**Material for the task**

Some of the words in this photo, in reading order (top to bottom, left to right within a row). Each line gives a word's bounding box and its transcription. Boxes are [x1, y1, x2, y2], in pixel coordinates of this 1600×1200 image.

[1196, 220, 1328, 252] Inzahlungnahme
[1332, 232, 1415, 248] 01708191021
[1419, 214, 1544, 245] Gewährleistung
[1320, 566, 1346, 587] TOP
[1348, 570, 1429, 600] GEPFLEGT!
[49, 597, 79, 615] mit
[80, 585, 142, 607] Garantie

**Problem description**
Line by line, output the records exactly as given.

**Completed task**
Some of the words in this photo, in reading order (top to bottom, left to right within a row). Each line gives a word's bounding box and its transcription. Boxes are [x1, y1, x2, y2], in pixel coordinates of this 1600×1200 image.

[1196, 220, 1328, 252] Inzahlungnahme
[1332, 232, 1415, 248] 01708191021
[1419, 214, 1544, 245] Gewährleistung
[1320, 566, 1346, 587] TOP
[1348, 570, 1429, 600] GEPFLEGT!
[49, 597, 79, 615] mit
[80, 585, 142, 607] Garantie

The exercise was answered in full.